Amazing new technology extracts oxygen from water using magnets
[Aug 24, 2022: Peter Thorley, University of Warwick]
Making oxygen in low gravity environments, such as aboard the International Space Station, is challenging and resource intensive. (CREDIT: Creative Commons)
New study involving University of Warwick chemist demonstrates method of using magnets to generate oxygen from water.
Making oxygen in low gravity environments, such as aboard the International Space Station, is challenging and resource intensive.
This method could aid the development of technology for future long-term space missions.
A potentially better way to make oxygen for astronauts in space using magnetism has been proposed by an international team of scientists, including a University of Warwick chemist.
The conclusion is from new research on magnetic phase separation in microgravity published in Nature’s affiliated npj Microgravity journal by researchers from the University of Warwick in the United Kingdom, University of Colorado Boulder and Freie Universität Berlin in Germany.
Keeping astronauts breathing aboard the International Space Station and other space vehicles is a complicated and costly process. As humans plan future missions to the Moon or Mars better technology will be needed.
Lead author Álvaro Romero-Calvo, a recent PhD graduate from the University of Colorado Boulder, said: “On the International Space Station, oxygen is generated using an electrolytic cell that splits water into hydrogen and oxygen, but then you have to get those gasses out of the system. A relatively recent analysis from a researcher at NASA Ames concluded that adapting the same architecture on a trip to Mars would have such significant mass and reliability penalties that it wouldn’t make any sense to use.”
Dr Katharina Brinkert of the University of Warwick Department of Chemistry and Center for Applied Space Technology and Microgravity (ZARM) in Germany said: “Efficient phase separation in reduced gravitational environments is an obstacle for human space exploration and known since the first flights to space in the 1960s.
The injection and displacement of air bubbles are shown as a function of time. (CREDIT: npj Microgravity)
This phenomenon is a particular challenge for the life support system onboard spacecraft and the International Space Station (ISS) as oxygen for the crew is produced in water electrolyzer systems and requires separation from the electrode and liquid electrolyte.”
The underlying issue is buoyancy.
Imagine a glass of fizzy soda.
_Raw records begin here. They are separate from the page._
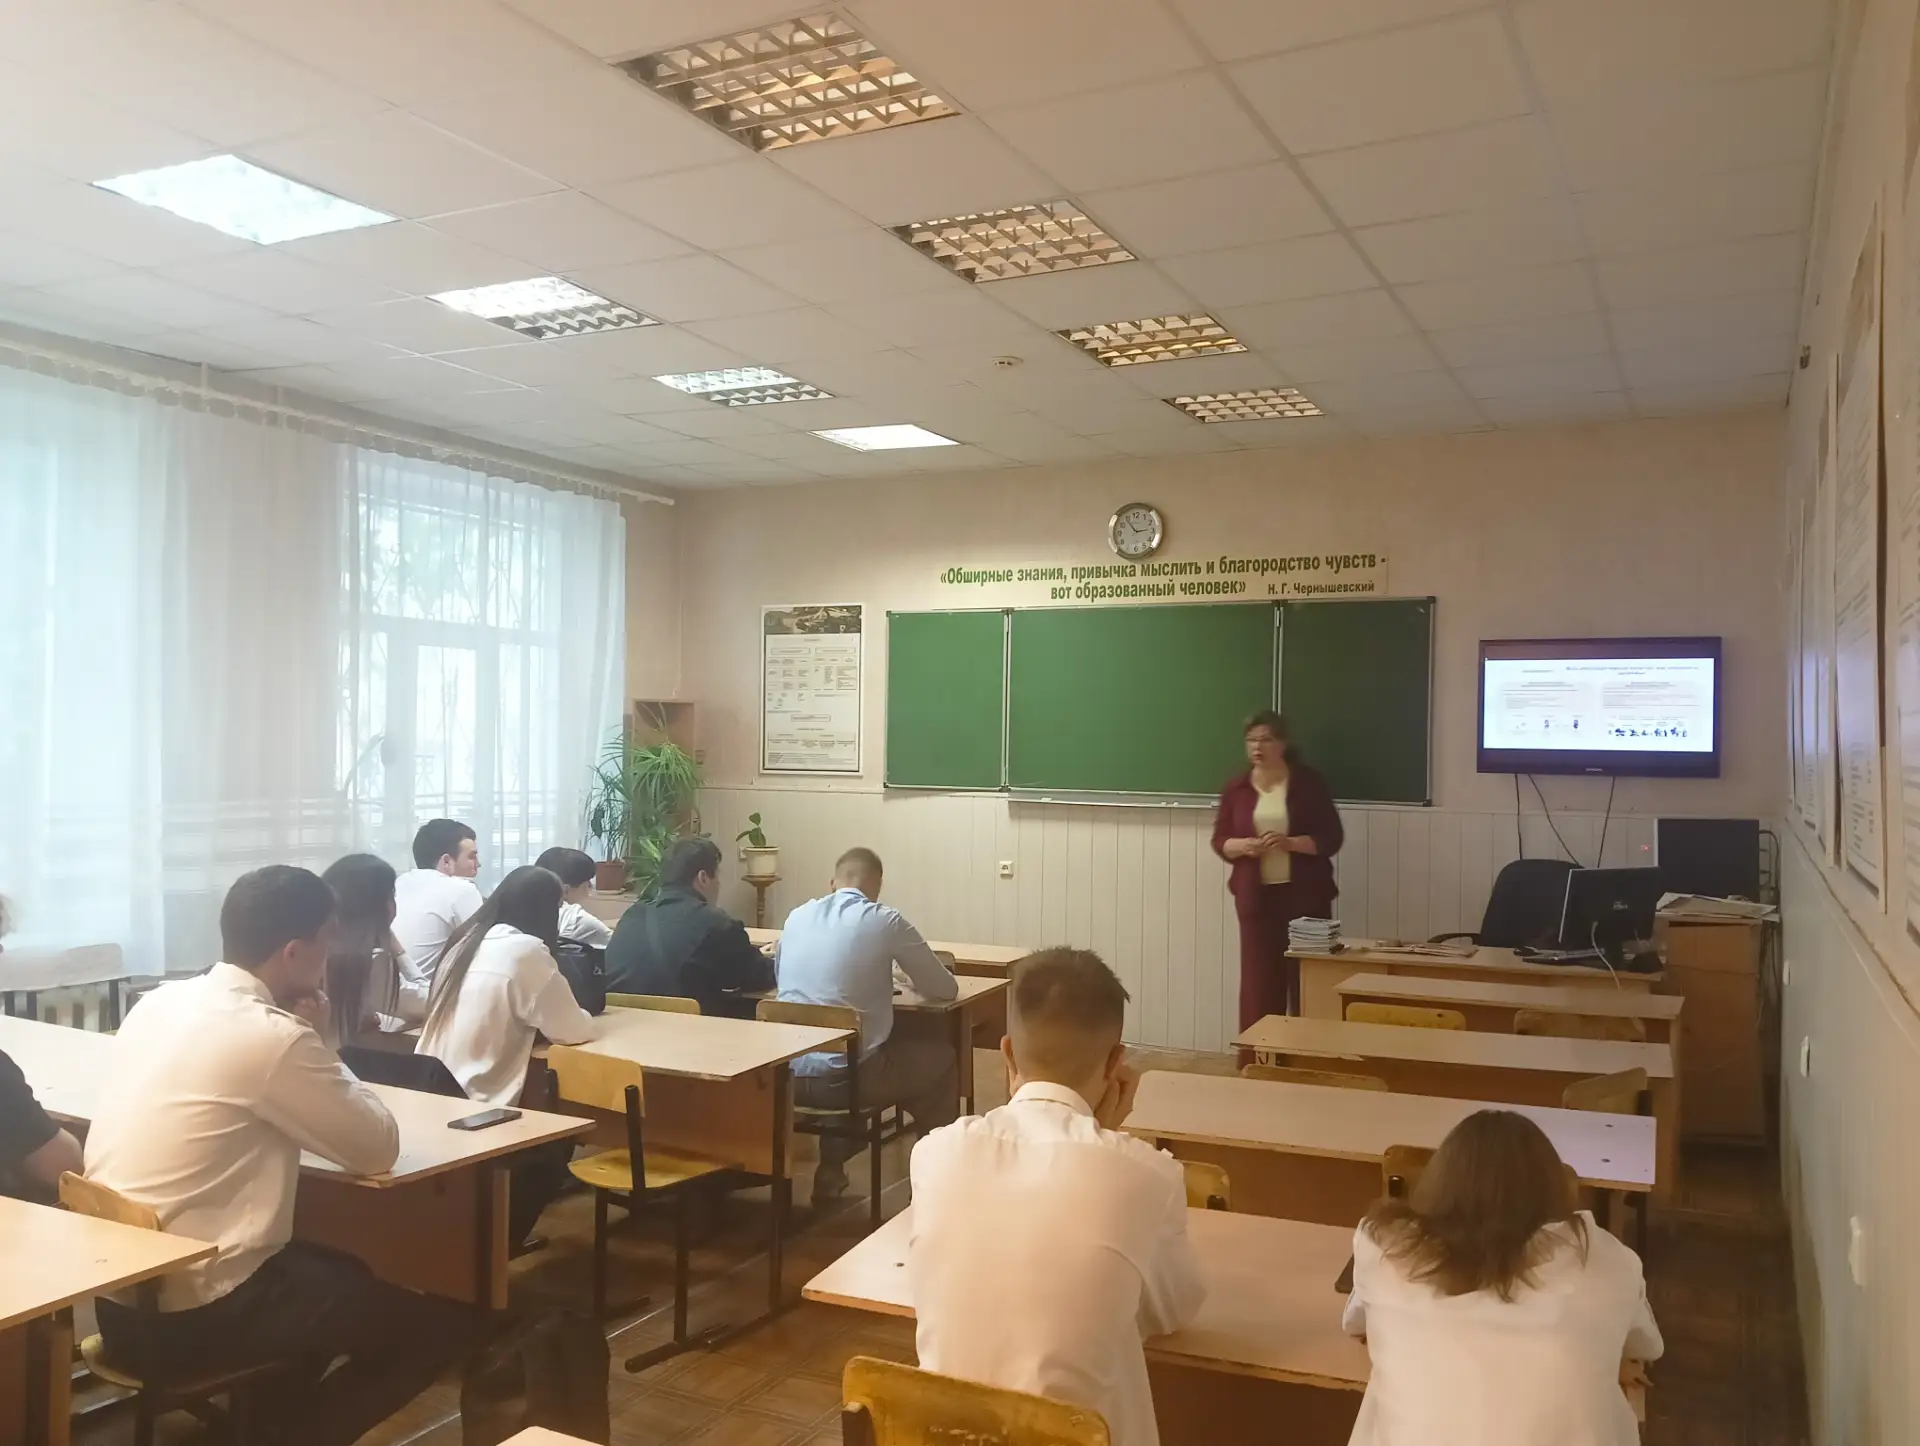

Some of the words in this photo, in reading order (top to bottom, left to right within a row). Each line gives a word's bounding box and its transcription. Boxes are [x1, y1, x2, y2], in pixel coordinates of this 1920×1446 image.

[940, 567, 1013, 587] «Обширные
[1017, 566, 1067, 584] знания,
[1071, 564, 1136, 583] привычка
[1140, 561, 1201, 577] мыслить
[1206, 561, 1215, 574] и
[1219, 556, 1320, 576] благородство
[1326, 554, 1376, 574] чувств
[1051, 586, 1071, 600] вот
[1075, 578, 1175, 602] образованный
[1179, 579, 1246, 596] человек»
[1268, 583, 1278, 595] Н.
[1281, 582, 1290, 595] Г.
[1293, 580, 1375, 596] Чернышевский
On Earth, the bubbles of CO2 quickly float to the top, but in the absence of gravity, those bubbles have nowhere to go. They instead stay suspended in the liquid.
In a, the larger bubble approaches the smaller in its path toward the magnet, reaching the point of closest proximity in b. In c, the smaller bubble is accelerated by the wake of the larger, reducing its speed once the wake moves away in d. The red arrow indicates the velocity of the smaller bubble as the larger one drags it. (CREDIT: npj Microgravity)
NASA currently uses centrifuges to force the gasses out, but those machines are large and require significant mass, power, and maintenance. Meanwhile, the team has conducted experiments demonstrating magnets could achieve the same results in some cases.
Although diamagnetic forces are well known and understood, their use by engineers in space applications have not been fully explored because gravity makes the technology difficult to demonstrate on Earth.
Enter the Center for Applied Space Technology and Microgravity (ZARM) in Germany. There, Brinkert, who has ongoing research funded by the German Aerospace Center (DLR), led the team in successful experimental tests at a special drop tower facility that simulates microgravity conditions.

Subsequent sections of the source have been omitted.